Source records -

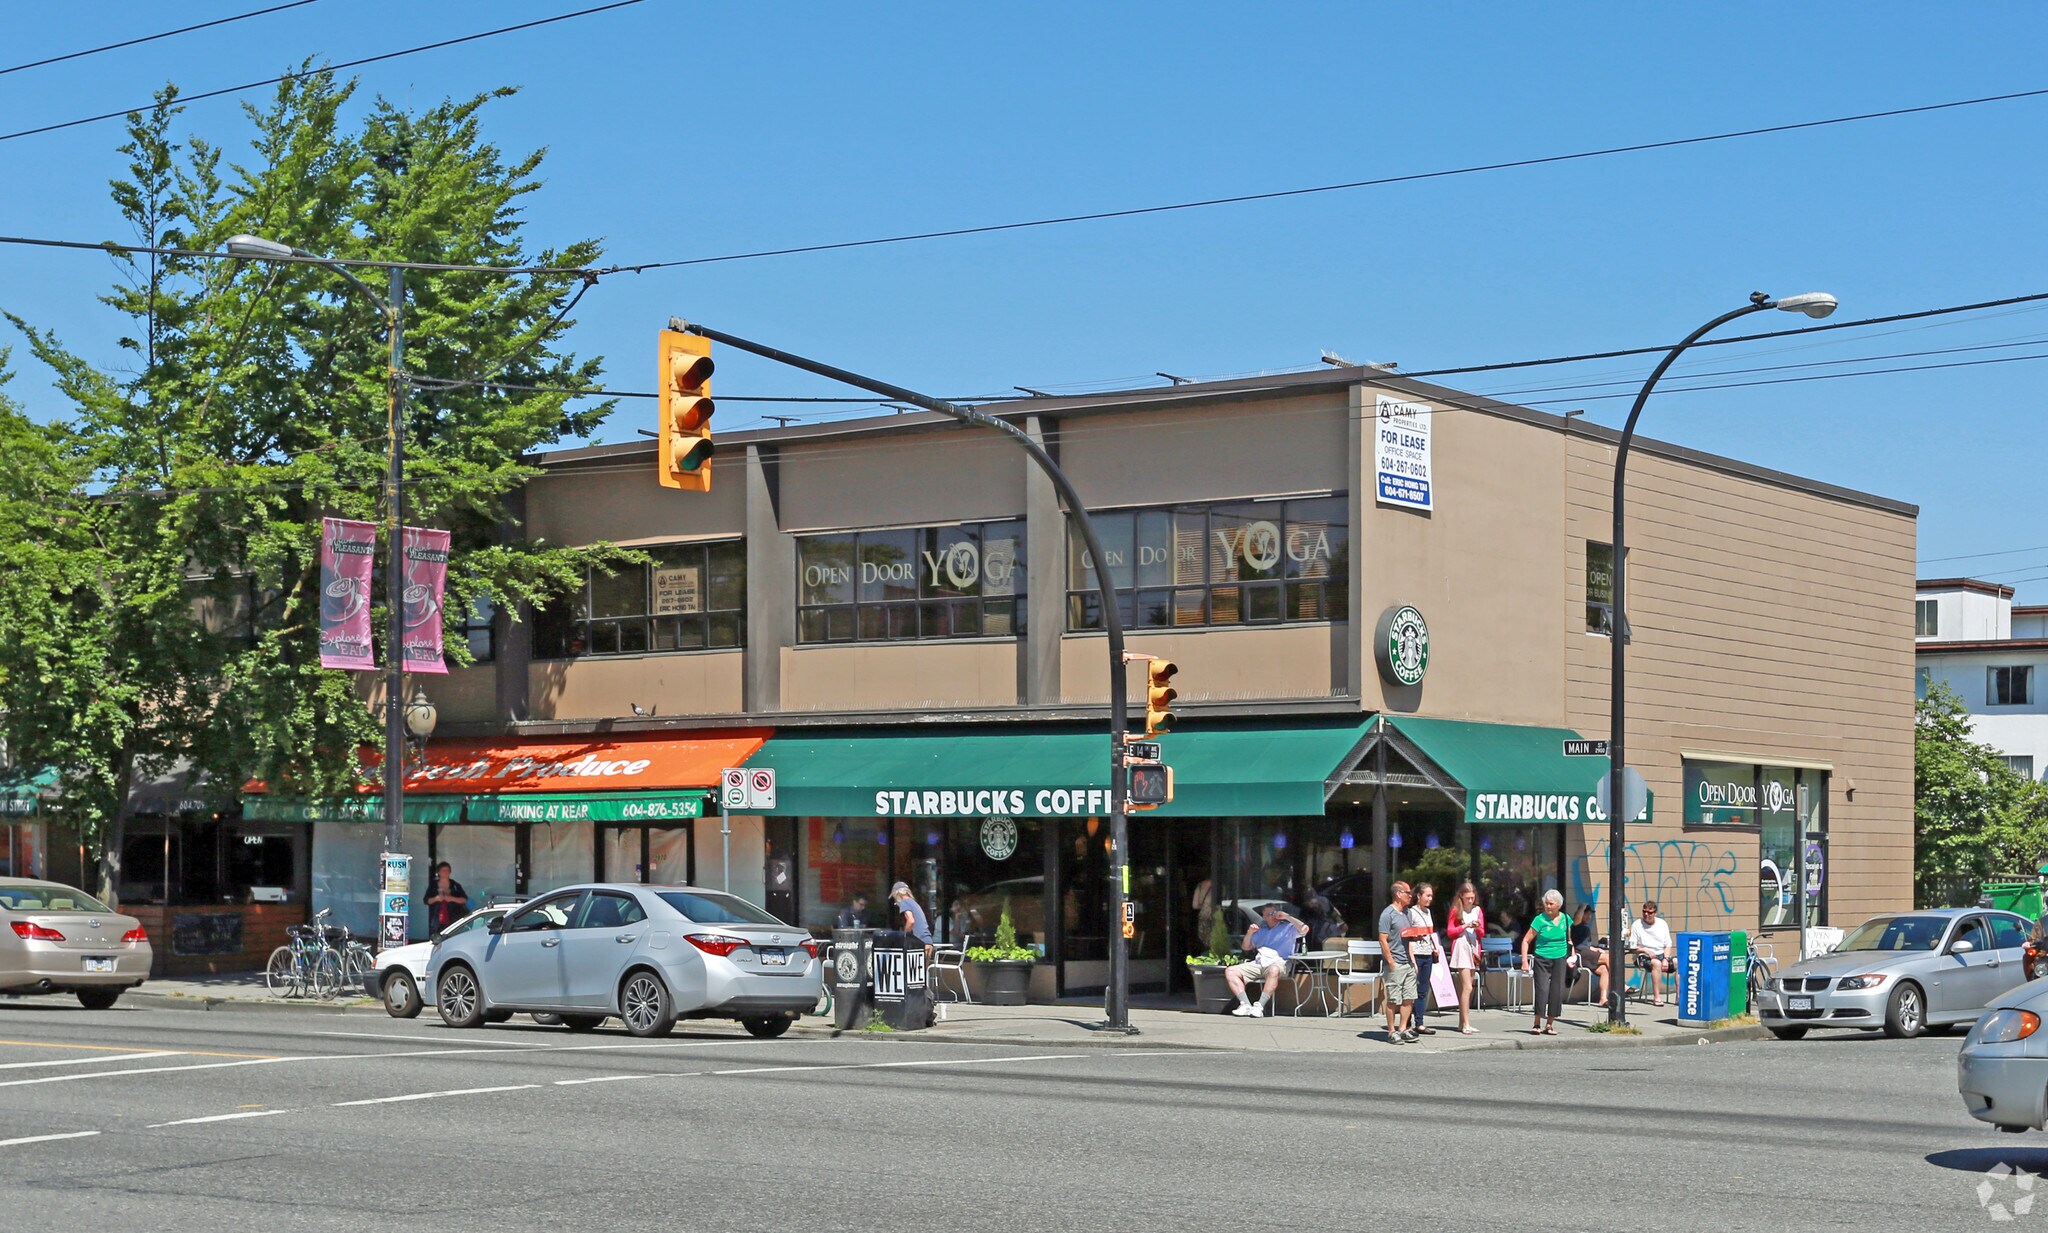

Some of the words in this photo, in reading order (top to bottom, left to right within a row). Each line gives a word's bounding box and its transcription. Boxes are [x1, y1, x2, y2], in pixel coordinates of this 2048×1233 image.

[1393, 404, 1418, 420] CAMY
[1381, 430, 1398, 445] FOR
[1400, 434, 1426, 451] LEASE
[1384, 445, 1404, 458] OFFICE
[1405, 450, 1423, 461] SPACE
[1381, 456, 1427, 478] 604-267-0602
[1216, 520, 1332, 574] YOGA
[1590, 571, 1613, 587] OPEN
[1391, 611, 1427, 645] STARBUCKS
[340, 643, 365, 657] EAT
[403, 635, 434, 654] xplore
[414, 649, 436, 661] EAT
[1395, 660, 1424, 682] COFFEE
[1129, 744, 1134, 757] E
[1136, 745, 1144, 757] 14
[1568, 742, 1590, 754] MAIN
[492, 754, 651, 779] Produce
[875, 790, 1025, 815] STARBUCKS
[1761, 779, 1795, 815] YOGA
[499, 804, 544, 820] PARKING
[546, 804, 560, 819] AT
[562, 803, 589, 820] REAR
[622, 802, 698, 818] 604-876-5354
[1475, 793, 1580, 821] STARBUCKS
[982, 815, 1016, 835] STARBUCKS
[244, 835, 263, 845] OPEN
[985, 845, 1011, 858] COFFEE
[387, 861, 407, 869] RUSH
[1688, 939, 1701, 962] The
[1687, 963, 1701, 1016] Province

Problem to work on - Set down the data above exactly as written. Omit the pictures.

Result of the exercise -
Some of the words in this photo, in reading order (top to bottom, left to right within a row). Each line gives a word's bounding box and its transcription. Boxes are [x1, y1, x2, y2], in pixel coordinates of this 2048×1233 image.

[1393, 404, 1418, 420] CAMY
[1381, 430, 1398, 445] FOR
[1400, 434, 1426, 451] LEASE
[1384, 445, 1404, 458] OFFICE
[1405, 450, 1423, 461] SPACE
[1381, 456, 1427, 478] 604-267-0602
[1216, 520, 1332, 574] YOGA
[1590, 571, 1613, 587] OPEN
[1391, 611, 1427, 645] STARBUCKS
[340, 643, 365, 657] EAT
[403, 635, 434, 654] xplore
[414, 649, 436, 661] EAT
[1395, 660, 1424, 682] COFFEE
[1129, 744, 1134, 757] E
[1136, 745, 1144, 757] 14
[1568, 742, 1590, 754] MAIN
[492, 754, 651, 779] Produce
[875, 790, 1025, 815] STARBUCKS
[1761, 779, 1795, 815] YOGA
[499, 804, 544, 820] PARKING
[546, 804, 560, 819] AT
[562, 803, 589, 820] REAR
[622, 802, 698, 818] 604-876-5354
[1475, 793, 1580, 821] STARBUCKS
[982, 815, 1016, 835] STARBUCKS
[244, 835, 263, 845] OPEN
[985, 845, 1011, 858] COFFEE
[387, 861, 407, 869] RUSH
[1688, 939, 1701, 962] The
[1687, 963, 1701, 1016] Province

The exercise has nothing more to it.